*Work request:*
If an entry below holds a picture, leave the picture out and print the rest exactly.

=== Dataset entries ===

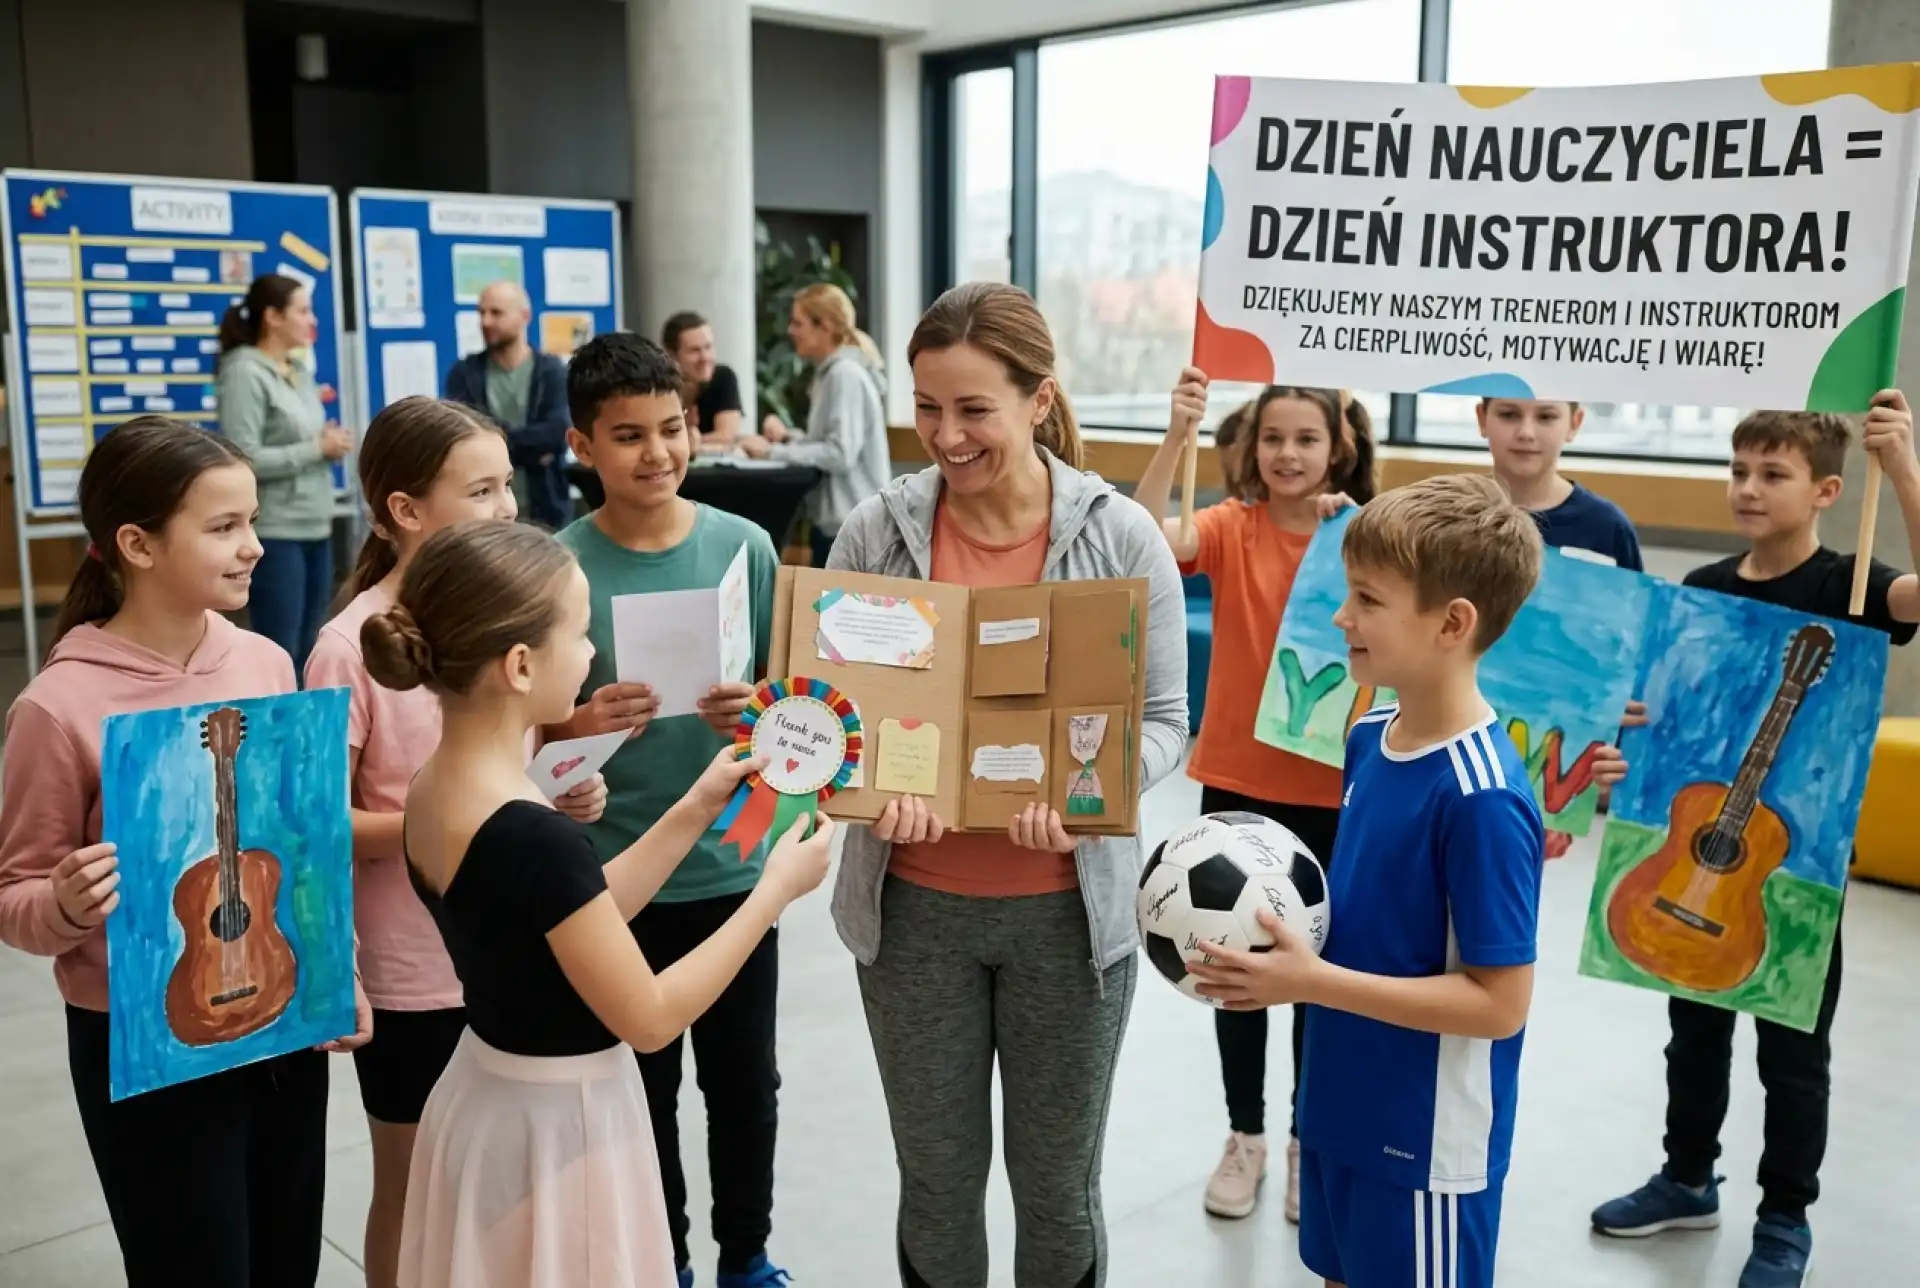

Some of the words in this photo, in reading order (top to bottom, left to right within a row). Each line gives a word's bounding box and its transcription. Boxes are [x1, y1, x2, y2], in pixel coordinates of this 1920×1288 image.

[1255, 107, 1413, 179] DZIEŃ
[1429, 114, 1824, 183] NAUCZYCIELA
[139, 199, 226, 221] ACTIVITY
[1247, 196, 1403, 267] DZIEŃ
[1419, 210, 1851, 274] INSTRUKTORA!
[1243, 285, 1383, 318] DZIĘKUJEMY
[1389, 293, 1482, 321] NASZYM
[1490, 297, 1617, 326] TRENEROM
[1624, 300, 1632, 326] I
[1639, 300, 1840, 329] INSTRUKTOROM
[1299, 324, 1326, 350] ZA
[1334, 324, 1493, 362] CIERPLIWOŚĆ,
[1502, 335, 1652, 371] MOTYWACJĘ
[1658, 339, 1666, 365] I
[1675, 339, 1765, 371] WIARĘ!
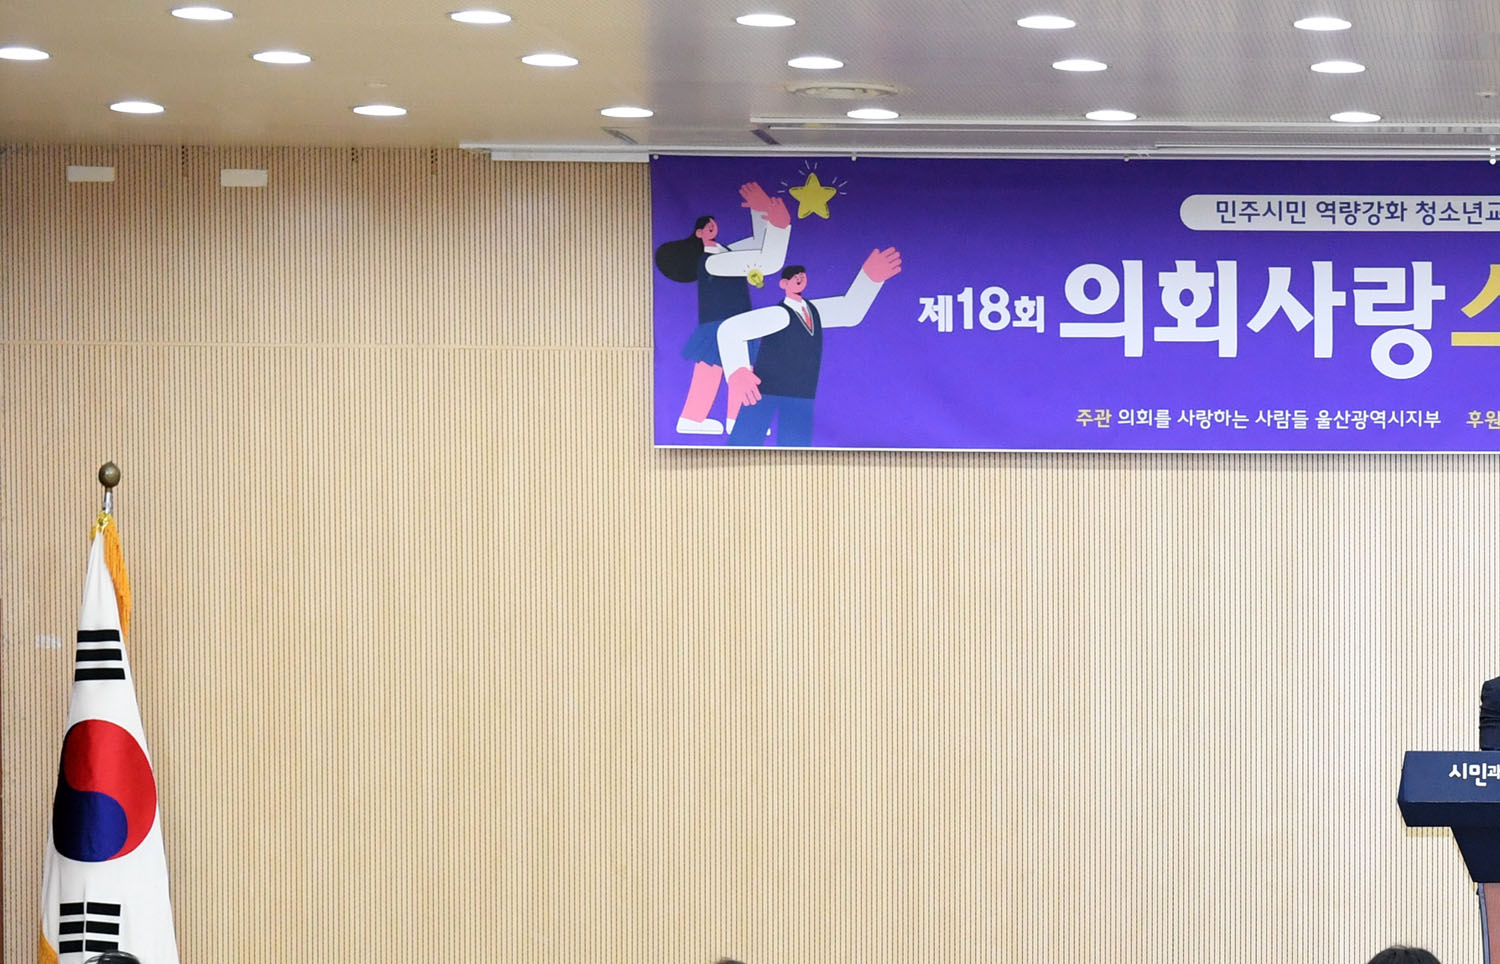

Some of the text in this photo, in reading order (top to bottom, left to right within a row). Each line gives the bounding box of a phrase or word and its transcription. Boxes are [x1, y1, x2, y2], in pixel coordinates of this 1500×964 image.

===

*Result for this task:*
Some of the words in this photo, in reading order (top to bottom, left to right within a row). Each line gives a word's bounding box and its transcription. Boxes are [x1, y1, x2, y2], in pixel coordinates of this 1920×1288 image.

[1255, 107, 1413, 179] DZIEŃ
[1429, 114, 1824, 183] NAUCZYCIELA
[139, 199, 226, 221] ACTIVITY
[1247, 196, 1403, 267] DZIEŃ
[1419, 210, 1851, 274] INSTRUKTORA!
[1243, 285, 1383, 318] DZIĘKUJEMY
[1389, 293, 1482, 321] NASZYM
[1490, 297, 1617, 326] TRENEROM
[1624, 300, 1632, 326] I
[1639, 300, 1840, 329] INSTRUKTOROM
[1299, 324, 1326, 350] ZA
[1334, 324, 1493, 362] CIERPLIWOŚĆ,
[1502, 335, 1652, 371] MOTYWACJĘ
[1658, 339, 1666, 365] I
[1675, 339, 1765, 371] WIARĘ!

Some of the text in this photo, in reading order (top to bottom, left to right within a row). Each line gives the bounding box of a phrase or word and its transcription. Boxes are [x1, y1, x2, y2], in pixel coordinates of this 1500×964 image.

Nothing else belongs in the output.